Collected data
════════════════════

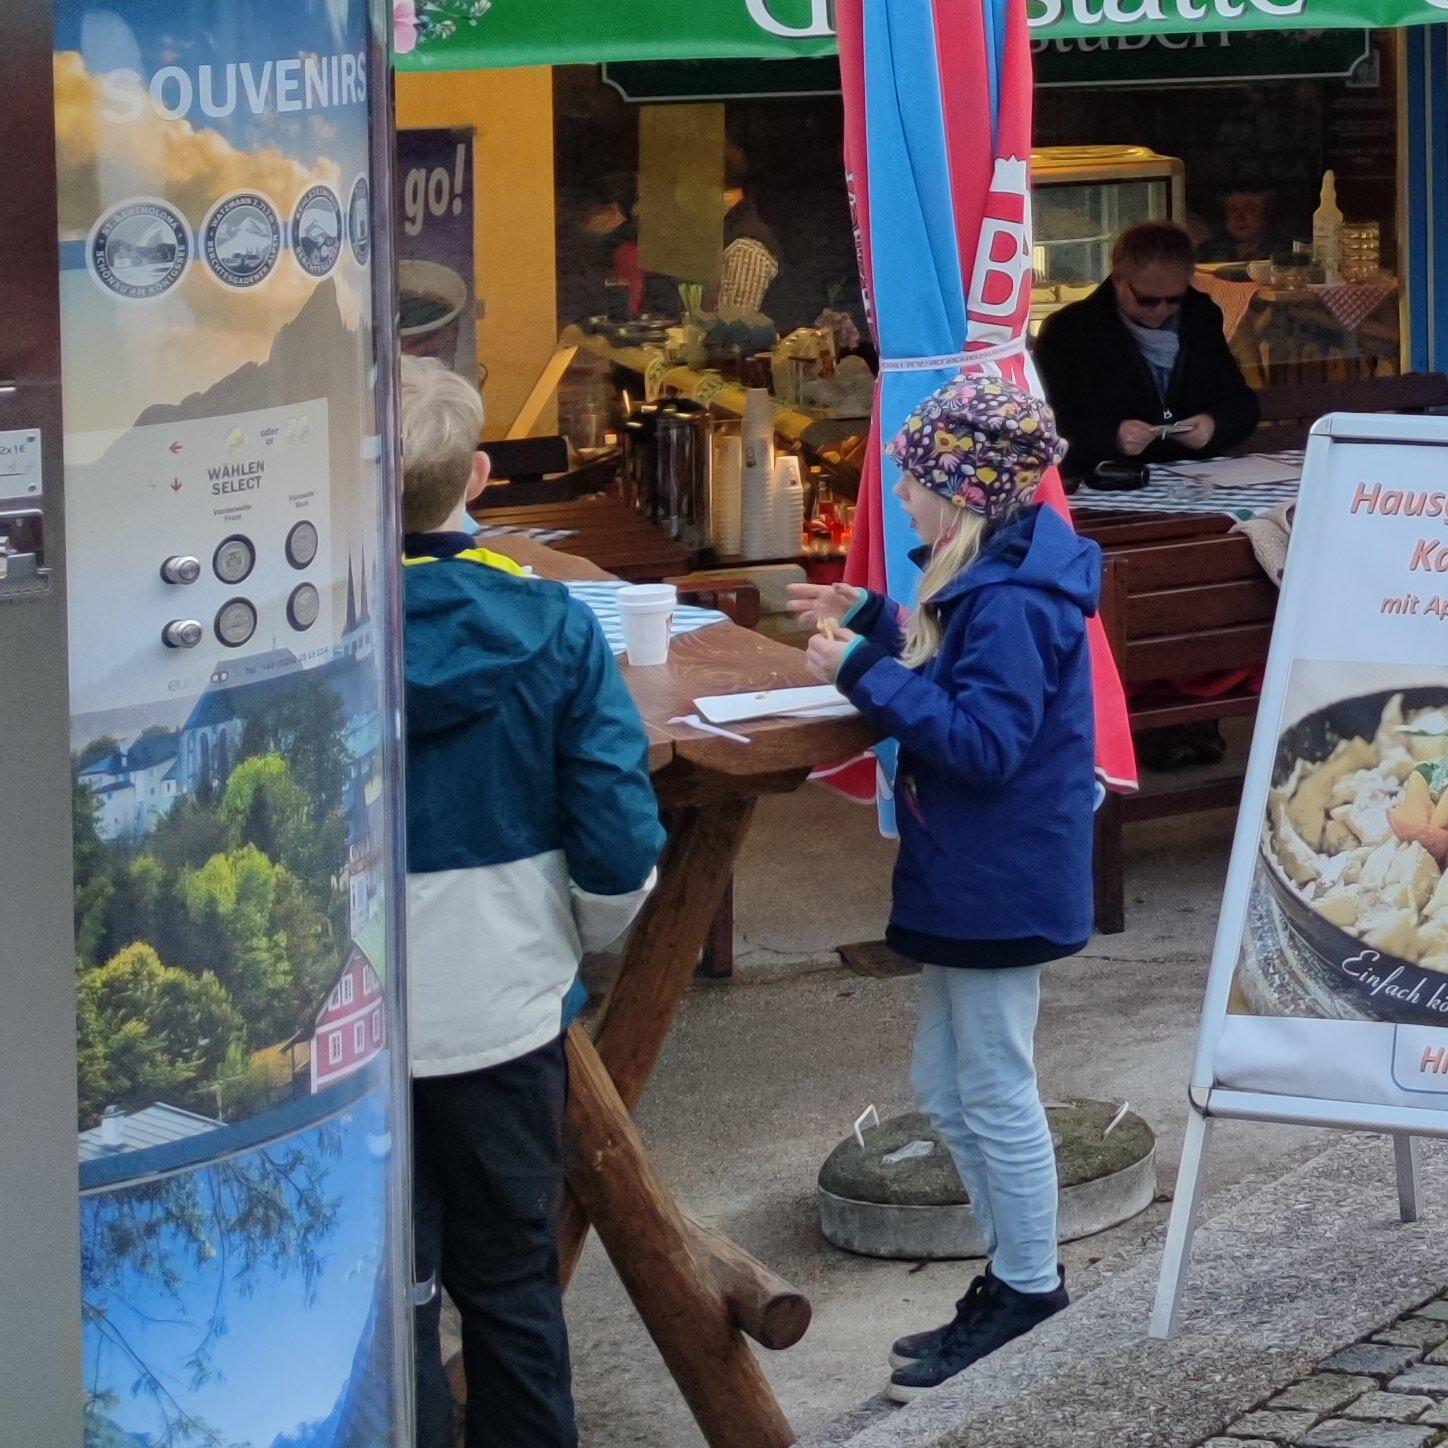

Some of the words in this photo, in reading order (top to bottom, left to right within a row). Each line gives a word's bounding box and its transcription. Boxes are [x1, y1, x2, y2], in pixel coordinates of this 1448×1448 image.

[101, 50, 367, 125] SOUVENIRS
[404, 142, 466, 236] go!
[211, 475, 263, 496] SELECT
[1379, 593, 1420, 615] mit
[1341, 949, 1421, 1006] Einfach

════════════════════

Would you set down every line of the data above exactly, skipping the pictures?

■ Task result ■
Some of the words in this photo, in reading order (top to bottom, left to right within a row). Each line gives a word's bounding box and its transcription. Boxes are [x1, y1, x2, y2], in pixel coordinates of this 1448×1448 image.

[101, 50, 367, 125] SOUVENIRS
[404, 142, 466, 236] go!
[211, 475, 263, 496] SELECT
[1379, 593, 1420, 615] mit
[1341, 949, 1421, 1006] Einfach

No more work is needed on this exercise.